REQUIREMENT » Copy the data from the line that contains "this 1840×1365 image." to its last line, exactly, including both of those lines and leaving out everything before.

[Start of section]

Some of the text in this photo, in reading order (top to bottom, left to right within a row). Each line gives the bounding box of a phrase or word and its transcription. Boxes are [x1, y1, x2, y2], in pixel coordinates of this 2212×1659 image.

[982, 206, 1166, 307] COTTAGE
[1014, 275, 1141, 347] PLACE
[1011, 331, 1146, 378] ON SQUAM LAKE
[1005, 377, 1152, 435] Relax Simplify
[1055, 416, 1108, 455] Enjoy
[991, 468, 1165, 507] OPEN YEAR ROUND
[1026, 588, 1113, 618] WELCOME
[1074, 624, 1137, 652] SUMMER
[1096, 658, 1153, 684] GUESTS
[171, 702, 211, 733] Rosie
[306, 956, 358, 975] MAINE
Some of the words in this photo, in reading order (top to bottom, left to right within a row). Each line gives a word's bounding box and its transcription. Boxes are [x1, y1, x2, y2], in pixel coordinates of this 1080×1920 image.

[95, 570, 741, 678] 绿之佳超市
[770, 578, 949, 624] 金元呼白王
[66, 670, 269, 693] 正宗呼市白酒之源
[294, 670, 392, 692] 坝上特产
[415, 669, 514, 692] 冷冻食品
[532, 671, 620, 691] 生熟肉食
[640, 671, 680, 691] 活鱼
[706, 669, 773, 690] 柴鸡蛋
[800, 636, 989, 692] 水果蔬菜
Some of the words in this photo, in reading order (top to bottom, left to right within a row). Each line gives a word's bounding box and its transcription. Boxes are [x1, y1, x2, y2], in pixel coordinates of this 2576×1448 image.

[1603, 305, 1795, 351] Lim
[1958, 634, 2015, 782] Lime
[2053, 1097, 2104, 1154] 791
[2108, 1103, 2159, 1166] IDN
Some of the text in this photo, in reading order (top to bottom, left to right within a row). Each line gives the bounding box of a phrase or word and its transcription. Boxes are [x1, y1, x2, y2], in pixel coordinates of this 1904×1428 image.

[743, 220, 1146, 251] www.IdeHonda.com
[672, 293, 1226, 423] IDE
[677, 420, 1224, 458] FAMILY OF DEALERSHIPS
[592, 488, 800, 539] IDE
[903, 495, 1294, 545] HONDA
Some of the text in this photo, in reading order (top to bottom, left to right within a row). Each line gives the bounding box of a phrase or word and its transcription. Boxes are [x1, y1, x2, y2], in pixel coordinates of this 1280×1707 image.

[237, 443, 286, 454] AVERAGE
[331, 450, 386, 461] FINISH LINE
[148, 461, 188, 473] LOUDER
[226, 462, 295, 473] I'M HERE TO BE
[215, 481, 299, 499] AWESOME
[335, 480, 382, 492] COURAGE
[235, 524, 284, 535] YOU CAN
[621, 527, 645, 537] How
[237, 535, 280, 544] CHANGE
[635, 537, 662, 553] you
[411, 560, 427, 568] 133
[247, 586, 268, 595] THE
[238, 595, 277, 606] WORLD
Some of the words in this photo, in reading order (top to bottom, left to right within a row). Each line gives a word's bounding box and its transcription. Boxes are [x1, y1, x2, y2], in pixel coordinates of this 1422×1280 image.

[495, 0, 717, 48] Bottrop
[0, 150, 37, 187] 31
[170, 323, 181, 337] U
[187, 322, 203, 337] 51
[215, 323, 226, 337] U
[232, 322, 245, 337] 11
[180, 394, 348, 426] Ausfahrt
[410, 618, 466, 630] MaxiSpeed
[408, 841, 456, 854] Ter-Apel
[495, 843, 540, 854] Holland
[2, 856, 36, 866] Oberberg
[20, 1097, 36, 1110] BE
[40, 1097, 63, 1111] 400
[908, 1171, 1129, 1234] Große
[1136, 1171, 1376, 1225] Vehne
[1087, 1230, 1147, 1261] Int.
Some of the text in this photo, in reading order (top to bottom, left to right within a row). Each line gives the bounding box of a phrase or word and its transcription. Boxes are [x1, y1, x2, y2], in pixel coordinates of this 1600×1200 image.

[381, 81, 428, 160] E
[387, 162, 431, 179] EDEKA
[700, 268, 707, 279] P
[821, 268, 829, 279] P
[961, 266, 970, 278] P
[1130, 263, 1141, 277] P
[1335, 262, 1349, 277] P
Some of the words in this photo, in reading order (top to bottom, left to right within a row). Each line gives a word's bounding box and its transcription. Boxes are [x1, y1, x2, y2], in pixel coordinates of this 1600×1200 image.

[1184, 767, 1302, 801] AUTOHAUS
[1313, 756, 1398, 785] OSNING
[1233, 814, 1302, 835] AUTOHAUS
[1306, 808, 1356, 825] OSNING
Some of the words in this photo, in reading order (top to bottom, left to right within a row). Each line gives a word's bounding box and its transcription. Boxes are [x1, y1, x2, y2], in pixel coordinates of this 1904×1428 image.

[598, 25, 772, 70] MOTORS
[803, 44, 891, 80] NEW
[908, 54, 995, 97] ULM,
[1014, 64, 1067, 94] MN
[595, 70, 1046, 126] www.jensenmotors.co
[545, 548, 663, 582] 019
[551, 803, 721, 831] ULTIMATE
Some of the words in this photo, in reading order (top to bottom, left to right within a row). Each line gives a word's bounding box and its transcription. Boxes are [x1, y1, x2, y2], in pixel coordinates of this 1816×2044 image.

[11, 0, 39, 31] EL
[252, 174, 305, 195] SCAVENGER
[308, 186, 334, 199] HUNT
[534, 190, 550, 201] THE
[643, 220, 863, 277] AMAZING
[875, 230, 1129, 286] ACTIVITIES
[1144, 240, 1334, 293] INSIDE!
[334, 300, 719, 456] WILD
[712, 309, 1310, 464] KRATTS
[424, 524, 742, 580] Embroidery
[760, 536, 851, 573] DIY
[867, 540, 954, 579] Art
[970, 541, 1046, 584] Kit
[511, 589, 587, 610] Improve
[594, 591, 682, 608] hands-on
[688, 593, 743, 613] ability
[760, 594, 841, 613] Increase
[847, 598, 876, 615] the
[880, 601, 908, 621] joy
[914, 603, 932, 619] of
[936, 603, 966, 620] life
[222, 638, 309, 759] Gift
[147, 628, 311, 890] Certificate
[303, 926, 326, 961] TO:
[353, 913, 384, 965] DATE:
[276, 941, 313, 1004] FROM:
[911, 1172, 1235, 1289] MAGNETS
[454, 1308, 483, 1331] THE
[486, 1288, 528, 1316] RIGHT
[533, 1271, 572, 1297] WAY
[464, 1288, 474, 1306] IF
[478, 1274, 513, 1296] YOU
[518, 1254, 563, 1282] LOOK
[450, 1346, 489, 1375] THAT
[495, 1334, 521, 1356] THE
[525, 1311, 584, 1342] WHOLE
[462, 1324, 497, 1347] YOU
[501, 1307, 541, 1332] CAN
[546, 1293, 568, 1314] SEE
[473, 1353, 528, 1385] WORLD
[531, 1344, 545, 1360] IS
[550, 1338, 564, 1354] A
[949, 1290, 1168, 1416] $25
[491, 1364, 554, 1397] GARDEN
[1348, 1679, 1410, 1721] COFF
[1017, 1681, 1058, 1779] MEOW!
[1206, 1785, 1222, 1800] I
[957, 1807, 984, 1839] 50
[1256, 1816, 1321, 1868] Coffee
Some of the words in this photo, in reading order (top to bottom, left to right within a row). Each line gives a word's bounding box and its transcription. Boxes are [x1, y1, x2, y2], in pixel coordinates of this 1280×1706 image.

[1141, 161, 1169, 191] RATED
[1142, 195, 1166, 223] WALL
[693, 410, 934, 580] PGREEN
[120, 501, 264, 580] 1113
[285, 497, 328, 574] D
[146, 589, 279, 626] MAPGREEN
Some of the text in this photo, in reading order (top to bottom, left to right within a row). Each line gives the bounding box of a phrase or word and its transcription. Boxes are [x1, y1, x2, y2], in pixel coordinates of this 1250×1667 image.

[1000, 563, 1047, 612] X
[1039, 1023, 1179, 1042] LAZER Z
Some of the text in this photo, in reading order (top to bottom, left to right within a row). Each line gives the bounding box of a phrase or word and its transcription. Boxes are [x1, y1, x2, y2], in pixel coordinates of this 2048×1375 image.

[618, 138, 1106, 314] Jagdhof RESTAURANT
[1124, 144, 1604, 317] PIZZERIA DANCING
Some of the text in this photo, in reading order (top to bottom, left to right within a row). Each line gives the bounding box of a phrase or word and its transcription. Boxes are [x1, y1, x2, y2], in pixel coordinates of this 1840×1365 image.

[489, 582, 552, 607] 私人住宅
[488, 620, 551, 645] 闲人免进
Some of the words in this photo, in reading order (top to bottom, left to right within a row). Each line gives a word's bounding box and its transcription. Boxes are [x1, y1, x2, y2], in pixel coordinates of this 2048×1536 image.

[End of section]

SOLVED EXERCISE »
Some of the text in this photo, in reading order (top to bottom, left to right within a row). Each line gives the bounding box of a phrase or word and its transcription. Boxes are [x1, y1, x2, y2], in pixel coordinates of this 1840×1365 image.

[489, 582, 552, 607] 私人住宅
[488, 620, 551, 645] 闲人免进
Some of the words in this photo, in reading order (top to bottom, left to right within a row). Each line gives a word's bounding box and its transcription. Boxes are [x1, y1, x2, y2], in pixel coordinates of this 2048×1536 image.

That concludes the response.